╔══

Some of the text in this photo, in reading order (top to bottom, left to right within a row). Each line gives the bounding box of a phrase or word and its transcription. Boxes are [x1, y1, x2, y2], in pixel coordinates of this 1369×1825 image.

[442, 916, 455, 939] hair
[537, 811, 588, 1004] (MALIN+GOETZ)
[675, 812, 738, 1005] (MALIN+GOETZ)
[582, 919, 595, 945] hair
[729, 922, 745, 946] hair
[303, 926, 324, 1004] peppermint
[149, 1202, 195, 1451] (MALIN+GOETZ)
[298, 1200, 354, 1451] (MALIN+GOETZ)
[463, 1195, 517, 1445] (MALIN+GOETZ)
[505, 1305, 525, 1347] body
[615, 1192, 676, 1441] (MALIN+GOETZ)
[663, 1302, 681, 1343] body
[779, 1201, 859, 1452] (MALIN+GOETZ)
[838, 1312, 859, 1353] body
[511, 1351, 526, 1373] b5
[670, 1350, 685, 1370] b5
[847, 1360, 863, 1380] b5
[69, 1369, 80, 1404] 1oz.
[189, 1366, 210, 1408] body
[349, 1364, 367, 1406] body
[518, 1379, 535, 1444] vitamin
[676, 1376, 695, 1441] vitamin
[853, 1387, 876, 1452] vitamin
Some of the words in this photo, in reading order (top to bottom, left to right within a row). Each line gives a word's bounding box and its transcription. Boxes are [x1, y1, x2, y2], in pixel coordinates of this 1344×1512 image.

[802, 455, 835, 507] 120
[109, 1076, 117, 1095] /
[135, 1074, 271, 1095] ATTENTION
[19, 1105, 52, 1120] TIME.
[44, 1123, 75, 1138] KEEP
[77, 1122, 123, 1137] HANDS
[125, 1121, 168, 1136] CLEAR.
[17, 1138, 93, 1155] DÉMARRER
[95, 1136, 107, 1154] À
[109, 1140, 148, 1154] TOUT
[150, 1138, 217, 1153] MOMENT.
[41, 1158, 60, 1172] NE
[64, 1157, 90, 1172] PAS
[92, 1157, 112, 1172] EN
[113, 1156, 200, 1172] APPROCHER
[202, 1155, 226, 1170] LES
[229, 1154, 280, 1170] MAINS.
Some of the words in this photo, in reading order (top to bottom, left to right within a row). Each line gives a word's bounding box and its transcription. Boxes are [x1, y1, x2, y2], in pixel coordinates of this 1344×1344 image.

╚══

__WHAT THE EXERCISE ASKS__
Retype every record above exactly as it appears.

__SOLUTION__
Some of the text in this photo, in reading order (top to bottom, left to right within a row). Each line gives the bounding box of a phrase or word and its transcription. Boxes are [x1, y1, x2, y2], in pixel coordinates of this 1369×1825 image.

[442, 916, 455, 939] hair
[537, 811, 588, 1004] (MALIN+GOETZ)
[675, 812, 738, 1005] (MALIN+GOETZ)
[582, 919, 595, 945] hair
[729, 922, 745, 946] hair
[303, 926, 324, 1004] peppermint
[149, 1202, 195, 1451] (MALIN+GOETZ)
[298, 1200, 354, 1451] (MALIN+GOETZ)
[463, 1195, 517, 1445] (MALIN+GOETZ)
[505, 1305, 525, 1347] body
[615, 1192, 676, 1441] (MALIN+GOETZ)
[663, 1302, 681, 1343] body
[779, 1201, 859, 1452] (MALIN+GOETZ)
[838, 1312, 859, 1353] body
[511, 1351, 526, 1373] b5
[670, 1350, 685, 1370] b5
[847, 1360, 863, 1380] b5
[69, 1369, 80, 1404] 1oz.
[189, 1366, 210, 1408] body
[349, 1364, 367, 1406] body
[518, 1379, 535, 1444] vitamin
[676, 1376, 695, 1441] vitamin
[853, 1387, 876, 1452] vitamin
Some of the words in this photo, in reading order (top to bottom, left to right within a row). Each line gives a word's bounding box and its transcription. Boxes are [x1, y1, x2, y2], in pixel coordinates of this 1344×1512 image.

[802, 455, 835, 507] 120
[109, 1076, 117, 1095] /
[135, 1074, 271, 1095] ATTENTION
[19, 1105, 52, 1120] TIME.
[44, 1123, 75, 1138] KEEP
[77, 1122, 123, 1137] HANDS
[125, 1121, 168, 1136] CLEAR.
[17, 1138, 93, 1155] DÉMARRER
[95, 1136, 107, 1154] À
[109, 1140, 148, 1154] TOUT
[150, 1138, 217, 1153] MOMENT.
[41, 1158, 60, 1172] NE
[64, 1157, 90, 1172] PAS
[92, 1157, 112, 1172] EN
[113, 1156, 200, 1172] APPROCHER
[202, 1155, 226, 1170] LES
[229, 1154, 280, 1170] MAINS.
Some of the words in this photo, in reading order (top to bottom, left to right within a row). Each line gives a word's bounding box and its transcription. Boxes are [x1, y1, x2, y2], in pixel coordinates of this 1344×1344 image.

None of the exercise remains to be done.